Squabble

 

March 1, 2000


The February assignment for On Display is to write about Influences.


I have been mulling over February's topic over since, well, the beginning of February. I wasn't sure how to address it.

I don't think there's one person or one thing that makes me what I am today. Then as I was playing Scrabble, or as we call it here "Squabble," with my hubby tonight, I came to the realization that I am the sum of my parts.

Why would playing Scrabble make me think about influences? I know. It's kind of a stretch... but come with me Sherman, into the Wayback Machine...

It was approximately 1967. Summers were spent in upstate New York. My father's parents would come and spend at least a part of the summer with us at the bungalow. My Aunt Sheila, Uncle Norman and their kids, and my dad's first cousin Joyce, her husband Harold and their kids and Joyce's mom, Aunt Rose, all went to the same bungalow colony. Aunt Rose was my grandfather's sister.

My grandmother, Aunt Sheila, my mom, Joyce and Aunt Rose would play Scrabble. For hours. At the kitchen table of our bungalow. My grandmother was a mean old bat, but she was a kick-ass Scrabble player. She had an enormous vocabulary. She did the Sunday New York Times crossword puzzle every single week. In pen. And she finished it.

To Grandma Anne, there was probably no single sin bigger than playing Scrabble poorly. To waste a triple word score on an otherwise three point word was sacrilege. To use a Q, Z, J, or X on a spot that did not offer at the very minimum a double letter score was an equally egregious sin.
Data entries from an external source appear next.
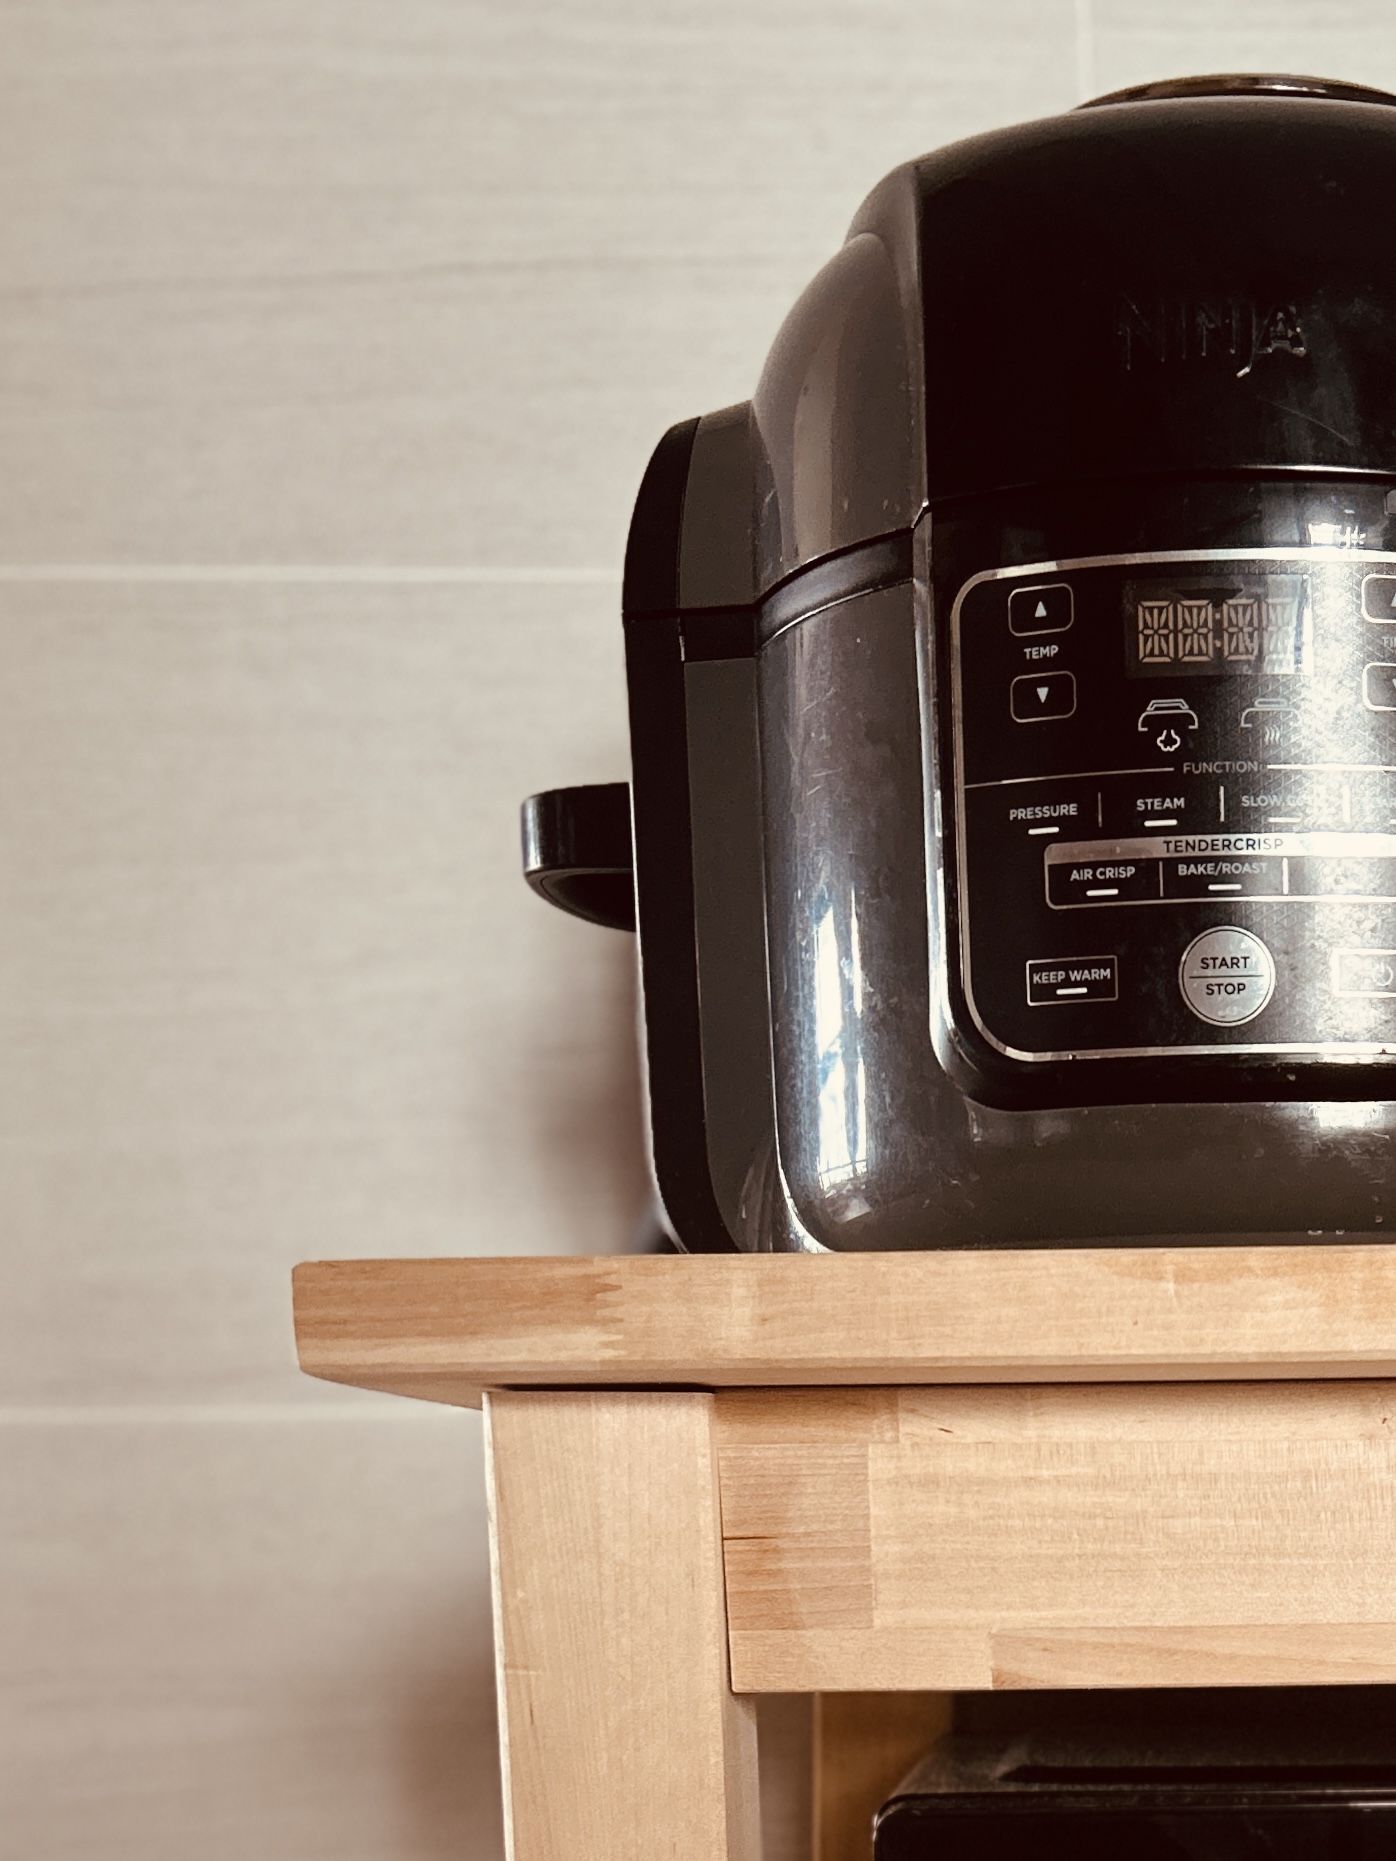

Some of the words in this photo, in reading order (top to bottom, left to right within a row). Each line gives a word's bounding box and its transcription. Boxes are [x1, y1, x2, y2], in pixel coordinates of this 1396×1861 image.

[1023, 645, 1059, 660] TEMP
[1182, 760, 1259, 775] FUNCTION
[1136, 797, 1185, 812] STEAM
[1241, 794, 1283, 808] SLOW
[1009, 803, 1078, 821] PRESSURE
[1163, 838, 1284, 854] TENDERCRISP
[1070, 868, 1093, 882] AIR
[1096, 866, 1136, 880] CRISP
[1177, 862, 1268, 877] BAKE/ROAST
[1200, 956, 1250, 970] START
[1033, 970, 1065, 985] KEEP
[1069, 967, 1111, 982] WARM
[1205, 983, 1246, 996] STOP
So, when I sit down to play Scrabble with my husband I have generations of my family's women sitting on my side of the table with me. I look at my letters and can almost hear my Grandma Anne coaching me. Advising me. Admonishing me when I "waste" points or letters.
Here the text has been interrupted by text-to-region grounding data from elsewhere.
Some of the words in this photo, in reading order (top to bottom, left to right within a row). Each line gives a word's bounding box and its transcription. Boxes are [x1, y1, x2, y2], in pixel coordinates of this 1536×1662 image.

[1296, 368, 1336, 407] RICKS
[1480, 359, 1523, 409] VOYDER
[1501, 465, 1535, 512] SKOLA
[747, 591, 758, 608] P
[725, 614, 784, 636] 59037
My Grandpa Ruby (Grandma Anne's husband). could fit a 25 pound turkey into a refrigerator that was already crammed to overflowing. I learned a thing or two from him--just take a look at my pantry. (OK, maybe you shouldn't, but take my word for it, it's a work of art.)

From my father's ex-wife I learned to forgive. She was often the calm in the storm that was a lot of my relationship with my father. I know that both my sisters had very different relationships with her than I do. Though she and my dad have been divorced for almost 20 years now, we still have a close relationship. When things get tough I know that she's the one I can call. She knows all the players, the personalities, my weak spots, my stubborn spots. She can offer me guidance.

Then there's my husband. He contends that I don't write about him nearly enough. While my husband could rightly be called someone who does not play well with others, particularly lately, he has had a few things to offer me. The thing though that I think I've most learned from him and my relationship with him is to love. To love someone who will love you back. That love is safe, warm, and enveloping, even if sometimes frantic or tense.

And my daughter. Zoe. I've learned that there is no greater love than that of a mother for a child. And a child for her mother. But most important, I think I've learned from her that it's not so much where you're going but enjoying every single minute of getting there.